┌────────
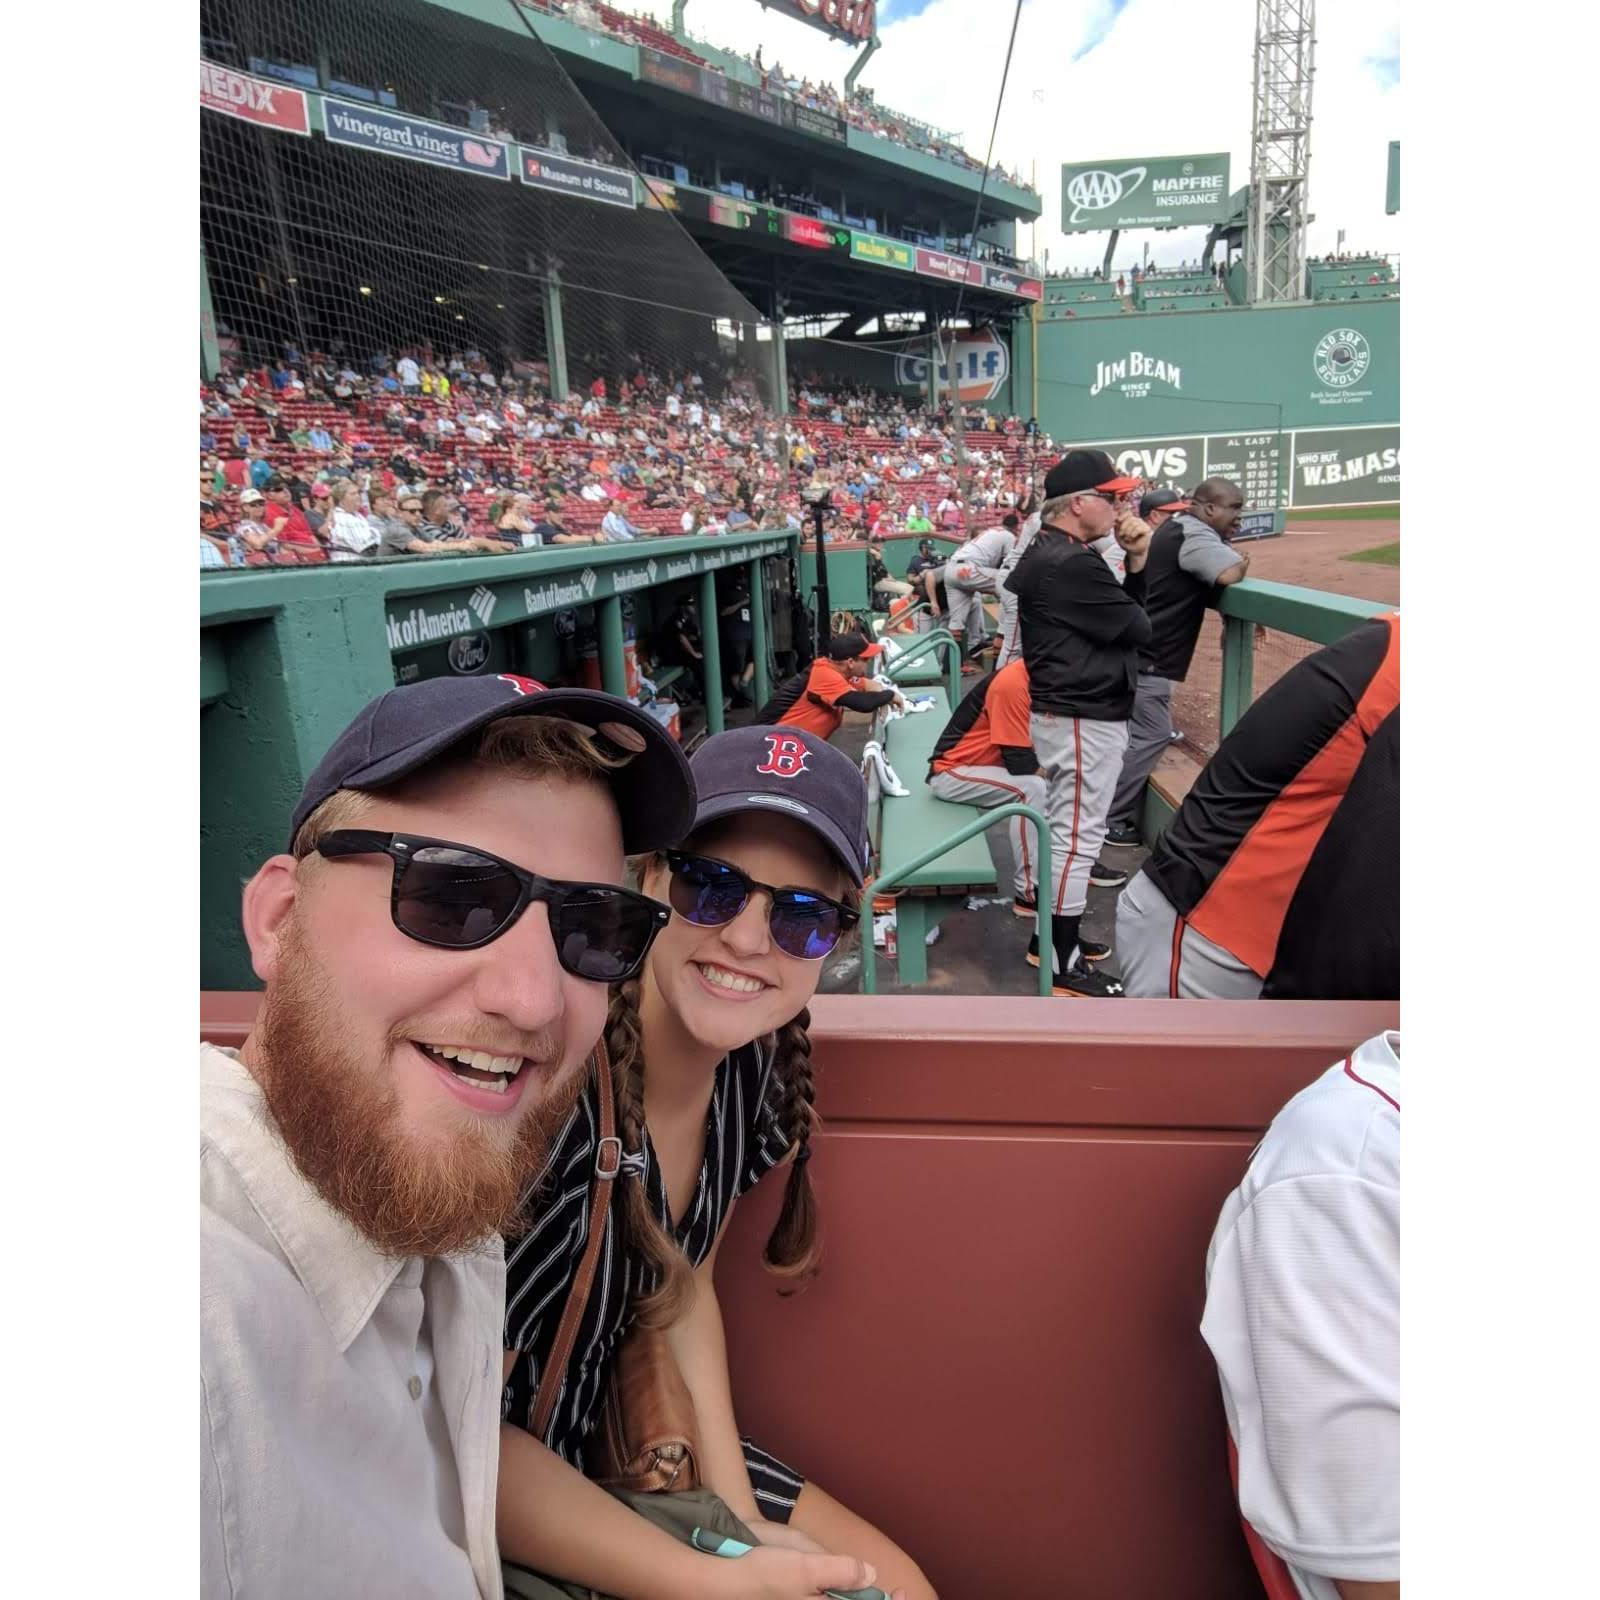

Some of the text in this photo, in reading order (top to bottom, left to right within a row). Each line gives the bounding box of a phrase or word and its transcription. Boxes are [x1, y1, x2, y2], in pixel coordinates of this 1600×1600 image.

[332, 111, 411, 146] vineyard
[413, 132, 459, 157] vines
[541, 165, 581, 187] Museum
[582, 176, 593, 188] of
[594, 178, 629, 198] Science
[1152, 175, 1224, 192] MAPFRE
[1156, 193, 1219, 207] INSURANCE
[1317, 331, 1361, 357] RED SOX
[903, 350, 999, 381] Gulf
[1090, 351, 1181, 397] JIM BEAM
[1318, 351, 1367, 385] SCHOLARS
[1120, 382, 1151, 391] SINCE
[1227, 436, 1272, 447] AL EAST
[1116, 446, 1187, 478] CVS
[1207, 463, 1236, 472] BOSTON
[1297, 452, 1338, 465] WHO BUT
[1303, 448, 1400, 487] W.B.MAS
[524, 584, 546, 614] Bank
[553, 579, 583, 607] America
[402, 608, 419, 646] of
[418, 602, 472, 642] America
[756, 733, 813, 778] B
└────────
What is needed: For this exercise, retype the data above exactly and skip every image.

Exercise result:
Some of the text in this photo, in reading order (top to bottom, left to right within a row). Each line gives the bounding box of a phrase or word and its transcription. Boxes are [x1, y1, x2, y2], in pixel coordinates of this 1600×1600 image.

[332, 111, 411, 146] vineyard
[413, 132, 459, 157] vines
[541, 165, 581, 187] Museum
[582, 176, 593, 188] of
[594, 178, 629, 198] Science
[1152, 175, 1224, 192] MAPFRE
[1156, 193, 1219, 207] INSURANCE
[1317, 331, 1361, 357] RED SOX
[903, 350, 999, 381] Gulf
[1090, 351, 1181, 397] JIM BEAM
[1318, 351, 1367, 385] SCHOLARS
[1120, 382, 1151, 391] SINCE
[1227, 436, 1272, 447] AL EAST
[1116, 446, 1187, 478] CVS
[1207, 463, 1236, 472] BOSTON
[1297, 452, 1338, 465] WHO BUT
[1303, 448, 1400, 487] W.B.MAS
[524, 584, 546, 614] Bank
[553, 579, 583, 607] America
[402, 608, 419, 646] of
[418, 602, 472, 642] America
[756, 733, 813, 778] B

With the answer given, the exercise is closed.